Поездка состоялась в октябре, когда на север уже никто не ехал и даже пансионат закрылся на профилактику. Но это не испугало доблестного рыцаря, защищающего трех дам, на которых насланы чары.
В пансионате произошла встреча Григорьича с Альдо, молчаливым сторожем-дурачком, талантливым мастером-косторезом. Разговорив его с помощью бутылки коньяка, удалось узнать весьма любопытные сведения…
Оказалось, летом мастер ходил в лес и нашел там чьи-то кости – подходящий материал для его поделок. Но когда он сел на кочку передохнуть, ему не то приснилась не то привиделась местная ведьма Кулимана, которой мастера когда-то пугала бабка. Да и все в деревеньке, где вырос Альдо, помнили эту вредную Кулиману, творившую людям много пакостей. Недаром, когда ведьма умерла, ее даже не стали хоронить на кладбище – просто выкопали могилу в лесу. Как оказалось, в том самом, куда ходил Альдо.
– Представляешь, Марина, все сошлось! – возбужденно и испуганно блестя глазами, рассказывал потом Григорьич. – В лесу прорубали просеку, и бульдозер, по-видимому, задел могилу. А наш бедный Альдо отправился в лес, а там эти самые кости. Он и взял их, не думаю, откуда они здесь, в конце концов, чьи – от какого зверя. Он ничего такого не думал, взял их в мешок и понес. После чего повстречал саму хозяйку.

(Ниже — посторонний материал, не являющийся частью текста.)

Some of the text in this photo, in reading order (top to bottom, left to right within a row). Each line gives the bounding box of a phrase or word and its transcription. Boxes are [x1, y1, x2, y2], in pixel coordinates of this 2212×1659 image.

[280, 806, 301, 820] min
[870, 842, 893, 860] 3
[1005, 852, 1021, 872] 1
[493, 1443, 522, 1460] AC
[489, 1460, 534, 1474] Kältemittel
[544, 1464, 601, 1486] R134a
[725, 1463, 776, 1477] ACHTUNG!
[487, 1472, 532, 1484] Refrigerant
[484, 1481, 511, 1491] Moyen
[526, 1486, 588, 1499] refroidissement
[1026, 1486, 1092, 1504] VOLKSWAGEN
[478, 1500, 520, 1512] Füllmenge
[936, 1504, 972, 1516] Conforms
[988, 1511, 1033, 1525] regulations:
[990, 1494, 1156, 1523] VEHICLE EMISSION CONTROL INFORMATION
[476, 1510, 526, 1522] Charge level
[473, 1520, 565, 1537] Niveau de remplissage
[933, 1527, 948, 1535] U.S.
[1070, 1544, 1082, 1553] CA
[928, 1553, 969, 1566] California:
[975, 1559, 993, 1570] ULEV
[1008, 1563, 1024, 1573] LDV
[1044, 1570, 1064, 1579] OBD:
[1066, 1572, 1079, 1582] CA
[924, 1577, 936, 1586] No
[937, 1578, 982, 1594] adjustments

– Вот уж этого я не понимаю, – останавливала его рассказ Григорьича. – До сих пор все объяснимо, но как он мог увидеть? Пригрезилась она ему, что ли?

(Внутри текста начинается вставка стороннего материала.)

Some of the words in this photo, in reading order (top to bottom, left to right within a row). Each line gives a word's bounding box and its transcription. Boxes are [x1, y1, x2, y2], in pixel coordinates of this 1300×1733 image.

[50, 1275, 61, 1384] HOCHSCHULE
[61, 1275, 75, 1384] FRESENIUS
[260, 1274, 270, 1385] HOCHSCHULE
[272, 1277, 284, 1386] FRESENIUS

Григорьич с минуту молчал, разминая в пальцах папиросу:
– Да, пригрезилась. Впрочем, можно по-разному назвать. Наши предки считали, что нечистая сила может являться, и знали, как в таких случаях поступить…
– То есть как это – знали? – удивилась она.

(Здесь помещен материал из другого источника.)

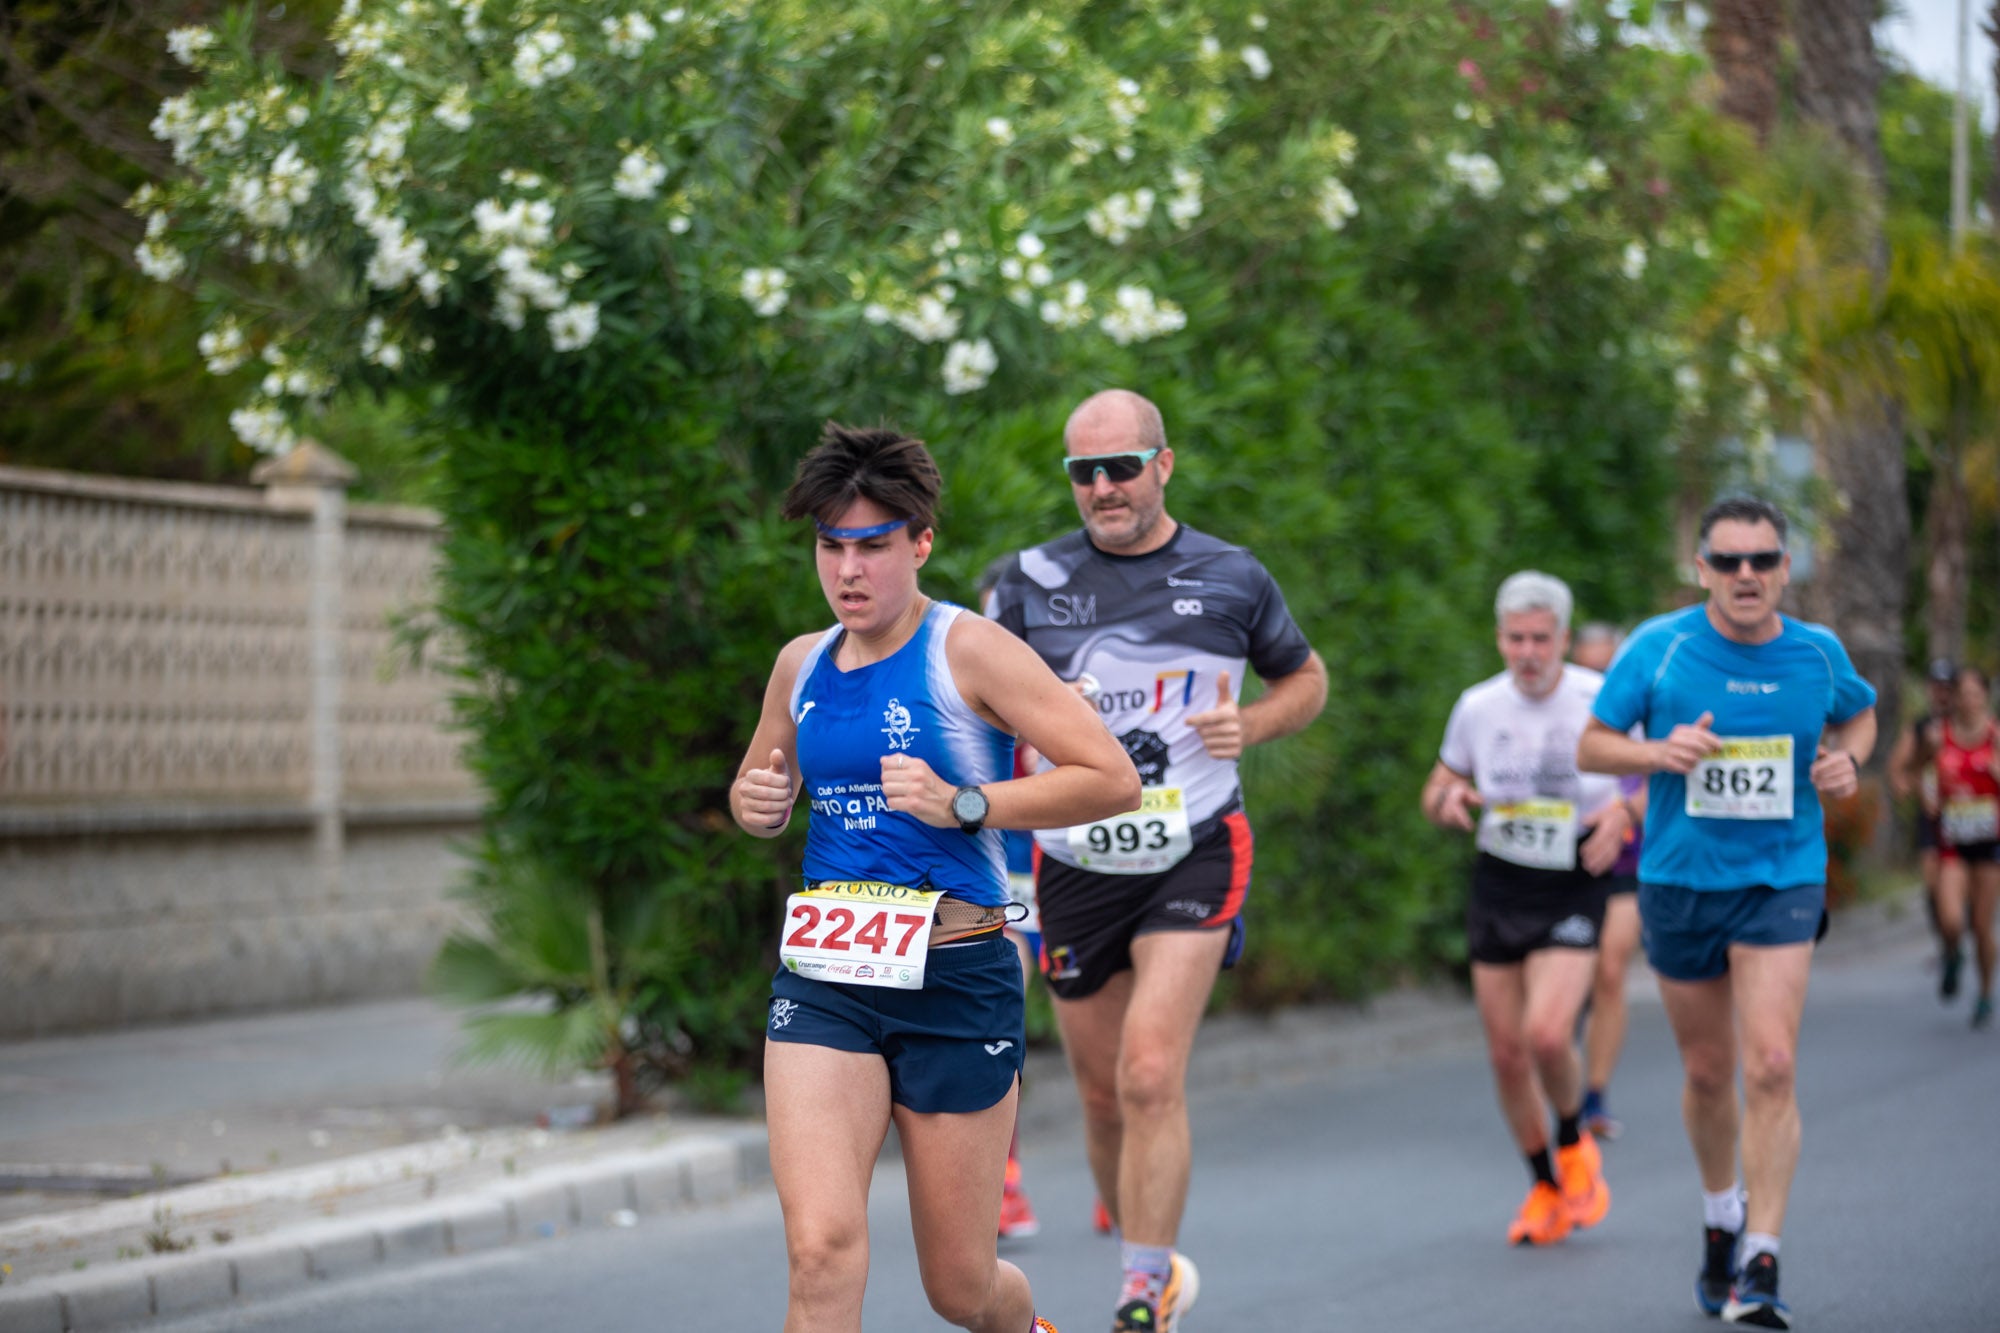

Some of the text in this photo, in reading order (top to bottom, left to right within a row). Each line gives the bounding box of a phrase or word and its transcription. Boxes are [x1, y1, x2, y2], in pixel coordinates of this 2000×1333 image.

[1047, 593, 1097, 626] SM
[1099, 690, 1145, 714] OTO
[817, 782, 884, 797] Club de Atletism
[1704, 767, 1776, 796] 862
[846, 799, 861, 814] a
[865, 795, 897, 813] PA
[1088, 821, 1169, 854] 993
[786, 905, 926, 957] 2247
[798, 960, 827, 970] Cruzcampo

– Знали и детей своих учили. До наших дней дошла поговорка: «Если кажется, перекрестись…»
– Все-таки будем держаться реальности, – попросила Марина. – Чтобы без чудес. Скорей всего наш Альдо заснул на кочке, а поскольку ему с детства рассказывали о Кулимане…
– Вот оно как! – Григорьич шумно вздохнул и выпрямил свои неширокие плечи. – Ты считаешь, имел место фактор внушаемости. Но ведь это Альдо рассказывали о Кулимане, а не мне! И не Сережику, не Никите, которых я взял с собой… Да ты знаешь!
Конечно, Марина слышала об этом не раз. В Поморье Григорьич ездил с сыном Сергеем и душевным парнем из пациентов, нуждавшемся в смене впечатлений. Григорьич относился к нему особенно, словно Никита был второй его сын. Все вместе они и составляли экипаж добровольной научной экспедиции, отправившейся изучать тайные свойства колец. И, заняв три места в купе, на четвертом увидели попутчицу, при знакомстве назвавшуюся Линой.
Выглядела эта немолодая женщина странно и потом исчезла невесть куда в середине пути, несмотря на то что поезд шел экспрессом.
– Ну и какой же ты вывод делаешь – это и была Кулимана?
– Подожди, Мариночка, не спеши. Если бы мы встретили эту личность только в поезде, был бы один разговор. Но потом, когда Альдо привел нас на то самое место в лесу… И кстати, ты ведь тоже видела ее в Москве? Помнишь, как раз во время нашего отъезда?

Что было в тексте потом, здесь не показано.